The smell grew stronger and seemed to come form the area of the kitchen/living room. I searched again and still no luck. I asked Rex and Olive where they had put their cups. Rex looked at me, shrugged his shoulders, and said the fridge. I can tell you this much. This milk was not in the fridge. The smell grew slightly worse. By day five, I could no longer smell the milk. Once out of sight (or smell) it quickly became forgotten.
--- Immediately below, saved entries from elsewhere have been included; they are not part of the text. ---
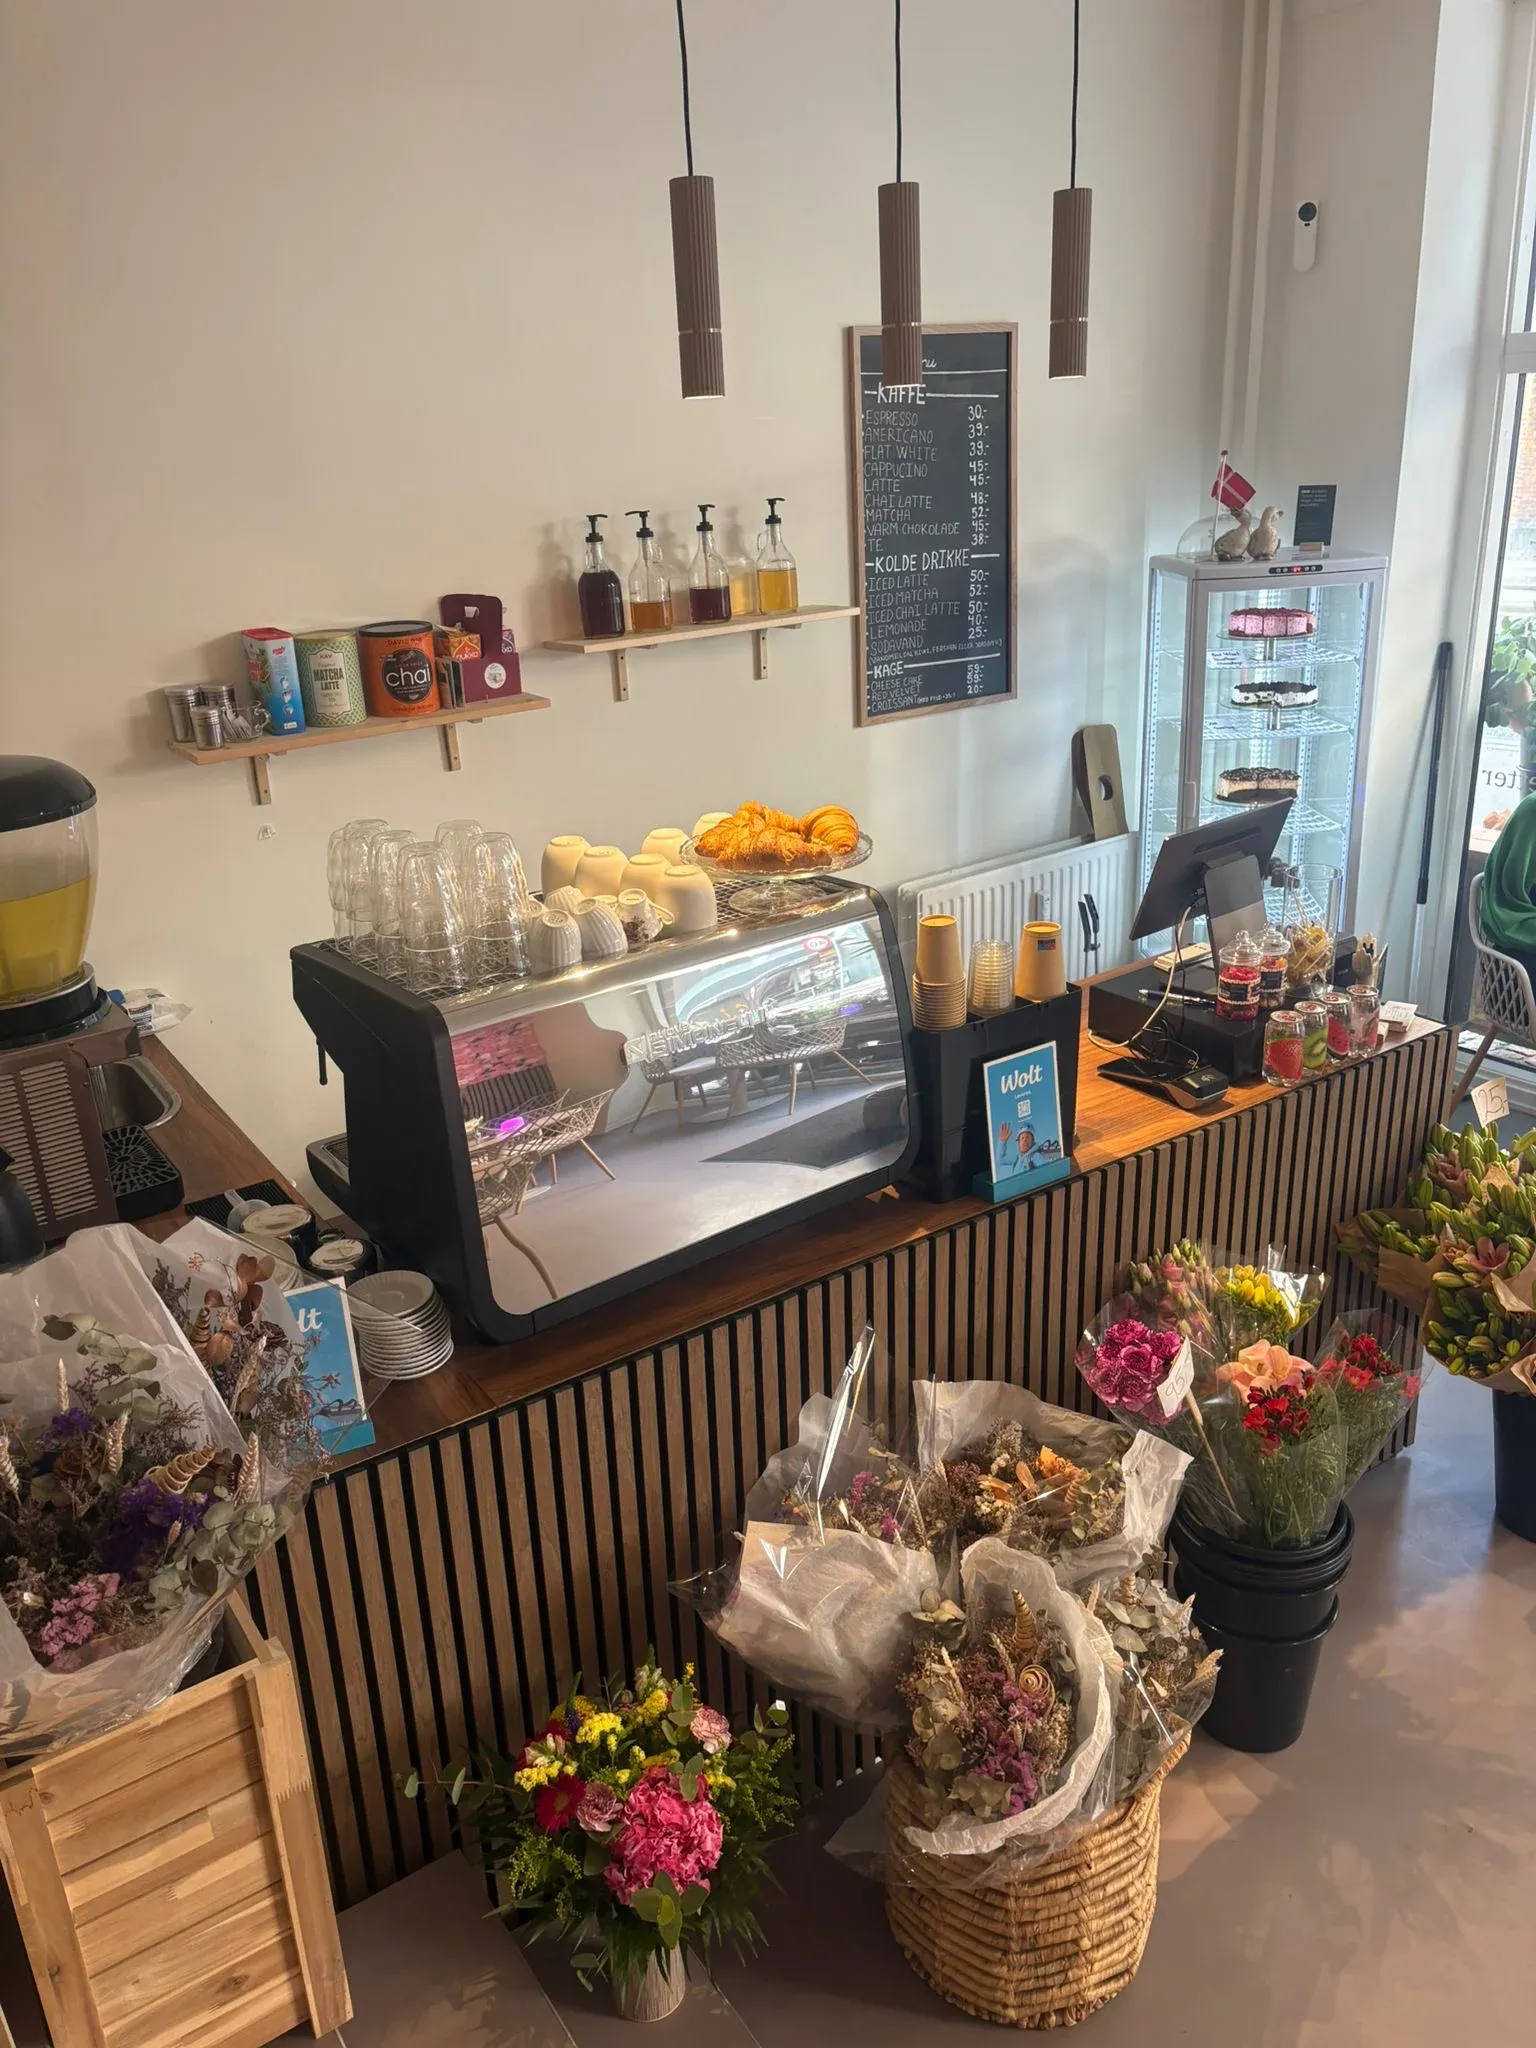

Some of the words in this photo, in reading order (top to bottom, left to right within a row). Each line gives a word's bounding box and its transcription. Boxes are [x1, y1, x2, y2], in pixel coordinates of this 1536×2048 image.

[877, 382, 926, 404] KAFFE
[866, 409, 919, 427] ESPRESSO
[865, 427, 934, 444] AMERICANO
[864, 444, 892, 460] FLAT
[896, 445, 938, 462] WHITE
[864, 461, 928, 478] CAPPUCINO
[864, 478, 901, 492] LATTE
[864, 493, 895, 508] CHAI
[898, 495, 933, 509] LATTE
[865, 508, 911, 522] MATCHA
[866, 522, 899, 536] VARM
[901, 522, 960, 535] CHOKOLADE
[867, 538, 884, 552] TE
[875, 554, 918, 574] KOLDE
[922, 548, 970, 571] DRIKKE
[868, 577, 895, 592] ICED
[897, 574, 930, 589] LATTE
[868, 593, 894, 609] ICED
[895, 587, 939, 605] MATCHA
[868, 608, 894, 624] ICED
[896, 604, 921, 620] CHAI
[925, 601, 961, 616] LATTE
[870, 618, 927, 640] LEMONADE
[870, 635, 924, 657] SODAVAND
[312, 668, 345, 681] MATCHA
[386, 664, 431, 687] chai
[874, 660, 904, 679] KAGE
[320, 680, 340, 691] LATTE
[871, 678, 901, 691] CHEESE
[903, 675, 924, 686] CAKE
[872, 691, 888, 701] RED
[889, 685, 921, 698] VELVET
[872, 694, 919, 712] CROISSANT
[1000, 1064, 1044, 1095] Wolt
[297, 1307, 323, 1333] lt
Yesterday, I decided to clean up my kitchen and the kids play area in our dining room. Over in the corner is the kids play food, grocery cart and kitchen set. On a whim, I decided to open all the doors and cupboards of their little kitchen. I opened the door to the little fridge and inside was a stray sippy cup. Right where Rex had told me it was. When I picked up the cup it actually felt heavy. I gave it a little shake and it was completely solid. Curious to the contents, I decided to look inside. The lid wouldn't even budge. The rotten, molded milk had cemented the cap onto the cup. I hesitated to try a little harder. Maybe a new form of cancer curing penicillin lay inside the cup. As I was debating, Olive wondered by and from her wafted an all to familiar and offending smell. The cure for cancer would have to wait. My kid's diaper was working over time and this was one smell that doesn't get better with time. As for Dirty Jobs; Mike Rowe, I challenge you to the dirtiest of all jobs...parenthood. You are welcome here anytime.
Saturday, January 17, 2009
An ultrasond showing a teeny, tiny, gummy-bear sized baby.
Look! I have a bun in the oven.
After three pregnancy tests, I was convinced that I might be pregnant.
Rex and Olive dress up and dance for joy.
With each test I take, the big, blue, plus sign seems more and more undeniable. It has been confirmed. For me, kissing can result in pregnancy. According to the ultrasound, our new bundle of joy is due to arrive on 09-09-09. This pregnancy occurred in record time. 12 days after deciding to start trying for another kid, we were pregnant. For the record, we didn't even find time for each other more than a couple times. So, it is almost unbelievable. I almost feel cheated. We didn't get to try for very long. With Rex, we were pregnant in 17 days, and with Olive, I was on birth control when I got pregnant. Richard and I don't even dare wash our underwear together unless we are sure we are ready for more kids. I guess we are ready. If the baby is a boy, chances are his name will be Ike Earl Ashcraft. If it is a girl, I love the name Lola, and Richard likes Tess, so her name will probably be Ivy Camille Ashcraft.
As for Olive,her white blood counts have been horribly low all month and her bone marrow is struggling to recover. She was scheduled for chemo last Friday, but her counts were short by 520. Yesterday, my birthday plans included a day with my daughter at the cancer clinic. We arrived shortly after 8:30, by 10:15 we were home again. Olive's white blood counts are 60 cells too low. We are hoping she will be eligible by Wednesday. What does all this delay mean? Medically, I am not sure. Olive will probably have to start receiving daily injections to stimulate her bone marrow. For me, it means we won't be done with chemo until after the new baby arrives. Not ideal, but what can you do.
As for Rex, he doesn't want a baby brother, or a new girl baby. I hate to break it to him, but there is no turning back now, boy or girl, a new baby is coming.